H.R. Khan, RBI deputy governor, confirms that India's central bank is in discussions with the nation's banks about this new initiative, and hopes to have a firm proposal within two months. In addition to requiring a username and password, the current two-factor authentication process includes obtaining another one-time password each time a customer logs in to conduct a transaction. That one-time password is sent via SMS to the customer's registered mobile device.
"We are working towards giving a convenience where, up to a limit, second factor authentication is not required," Khan says. "However, there are a few nuts and bolts to be tightened to streamline the process."
The objective of the initiative, Khan says, is to promote a cashless society where people use electronic transactions for most of their needs.
According to industry sources, RBI is the first central bank to introduce such a process of scaling back authentication methods on electronic transactions.
But some security practitioners question the logic behind the move, given that RBI from 2009 to 2011 made two-factor authentication a statutory requirement. If the principal objectives of two-factor authentication are to protect the confidentiality of customer account data and transaction details, as well as enhance confidence in electronic transactions, then why lower the security bar?
Mani Kant Singh R, head of IT and security at a Gurgaon-based NBFC, fears an increase of fraudulent transactions if the RBI carries out its initiative.
"There would be a huge line at customer care with complaints about wrong fund transfers [and] anonymous third-party transactions," Singh says. "This would [also] delay one-time-password transfers, resulting in huge network chokes."
Critics object to removing any layer of security that is critical to ensuring trust in the process.
"The implications of not using two-factor authentication is severe," says Milind Rajhans, assistant general manager-IT and CISO at the A.P. Mahesh Coop Urban Bank Ltd. In Hyderabad. "Using two factors, as opposed to one factor (just the login ID and password), ensures heightened security for online transactions, which helps establish the genuineness of the customer."

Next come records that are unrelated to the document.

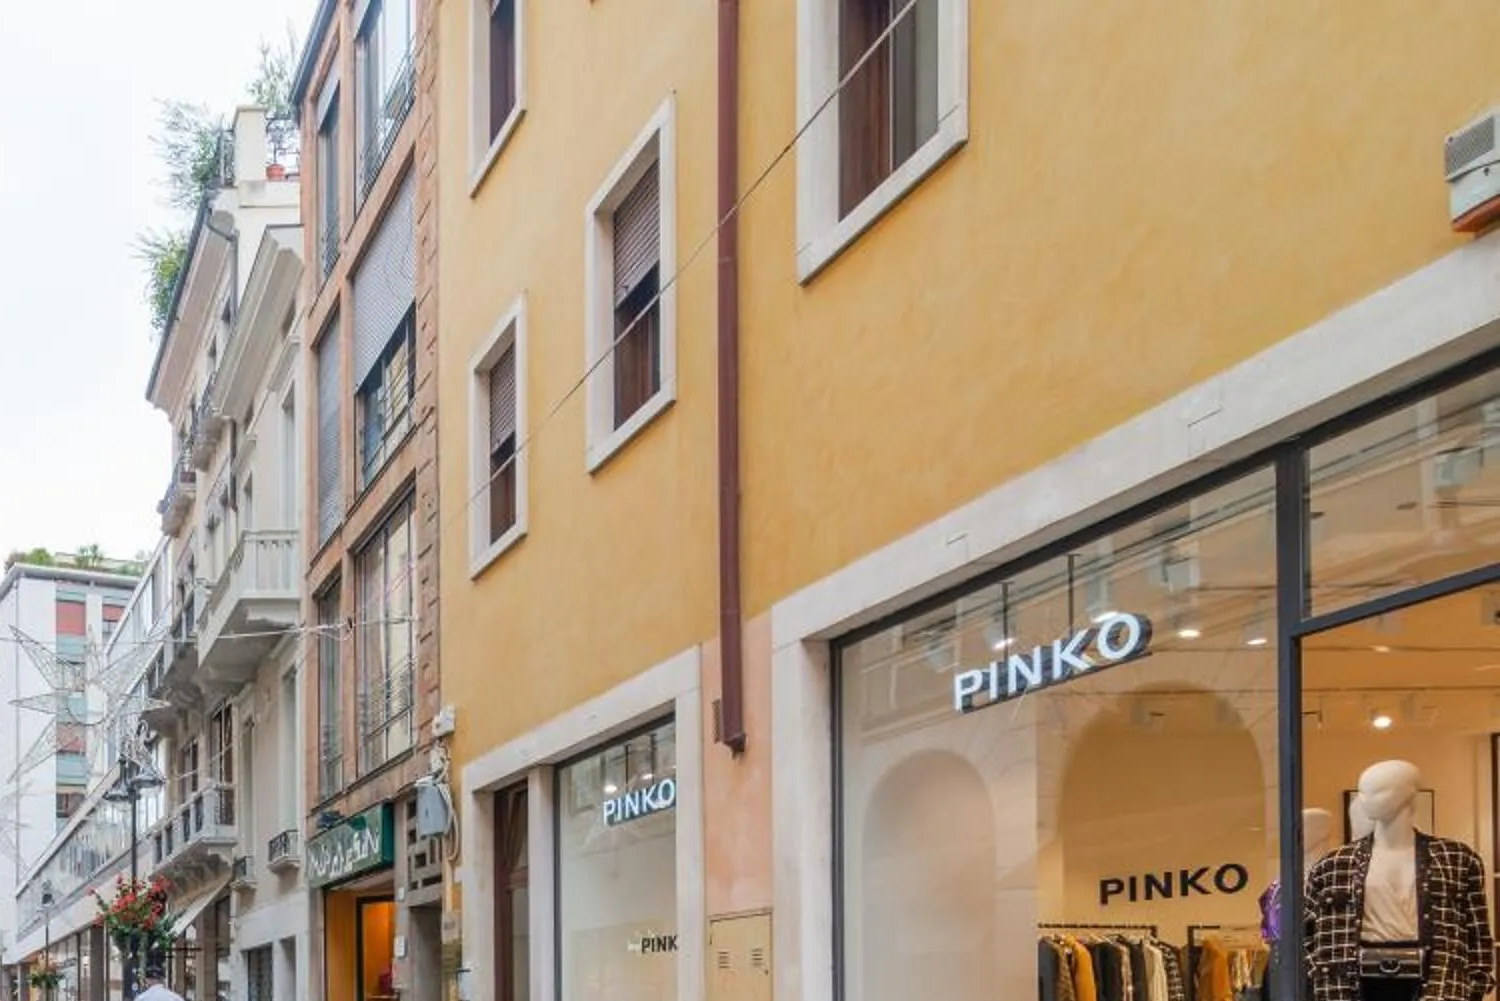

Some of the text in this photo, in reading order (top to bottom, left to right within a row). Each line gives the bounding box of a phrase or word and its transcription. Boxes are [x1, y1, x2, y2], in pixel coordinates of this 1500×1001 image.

[953, 612, 1145, 713] PINKO
[603, 777, 675, 827] PINKO
[1099, 862, 1249, 905] PINKO
[641, 934, 678, 955] PINK
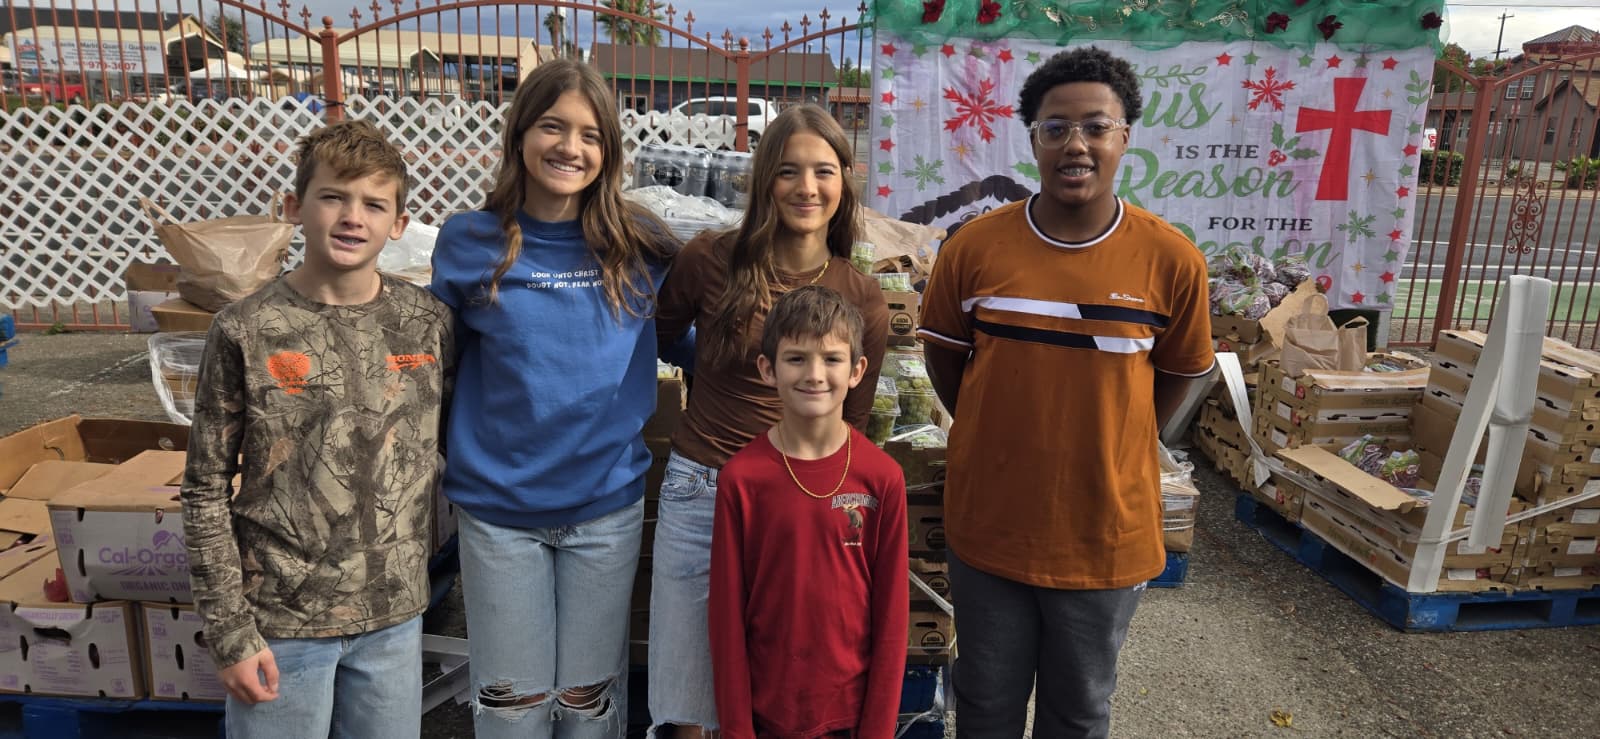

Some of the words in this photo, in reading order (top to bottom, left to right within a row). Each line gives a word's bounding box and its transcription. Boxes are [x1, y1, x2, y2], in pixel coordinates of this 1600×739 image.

[1132, 82, 1224, 130] us
[1175, 144, 1200, 160] IS
[1206, 143, 1260, 159] THE
[1115, 147, 1302, 212] Reason
[1207, 216, 1257, 231] FOR
[1264, 217, 1314, 232] THE
[552, 271, 573, 279] UNTO
[574, 269, 599, 278] CHRIST
[592, 279, 606, 288] NO
[98, 546, 188, 569] Cal-Orga

Rajhans says the value of the transaction is immaterial if one decides to misuse the online transaction process. Many CISOs consider two-factor authentication to be only moderately secure. Disabling this measure for even small transactions would reduce the confidence of users and lead to business slowdown, critics say.

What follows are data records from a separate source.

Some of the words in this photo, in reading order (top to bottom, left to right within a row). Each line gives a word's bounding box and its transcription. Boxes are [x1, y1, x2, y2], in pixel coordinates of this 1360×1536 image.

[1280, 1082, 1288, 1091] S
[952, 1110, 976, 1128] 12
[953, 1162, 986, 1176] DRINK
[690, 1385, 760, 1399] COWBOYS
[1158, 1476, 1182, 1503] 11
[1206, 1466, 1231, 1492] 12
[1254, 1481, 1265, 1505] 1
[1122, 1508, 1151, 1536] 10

"RBI's decision will not only increase the volume of fraudulent cases, but also techniques of misuse of the online nuances, which will be difficult to presume," Singh says.
Preparing for Change
If, indeed, authentication is simplified for small transactions, then banking/security leaders need to be prepared both for an increase in electronic transactions and the need to scan them more thoroughly for anomalous behavior, experts say.
"The task of CISOs will lie in identifying the security loop, patching the security lapse, adapting to the cyber law to combat crimes owing to the increased volume of transactions and deploying appropriate risk assessment tools," Singh says.
Singh recommends the use of online transaction analytical tools to track the transaction history of the customer.
In the absence of two-factor authentication, Rajhans believes that CISOs must use SIEM and ISMS security frameworks effectively to ensure secure online transactions at the gateway level.
"Appropriately designed and implemented multi-factor authentication methods need to be deployed," Rajhans says "These are more reliable and stronger fraud deterrents, and are more difficult to compromise and can also prevent network chokes."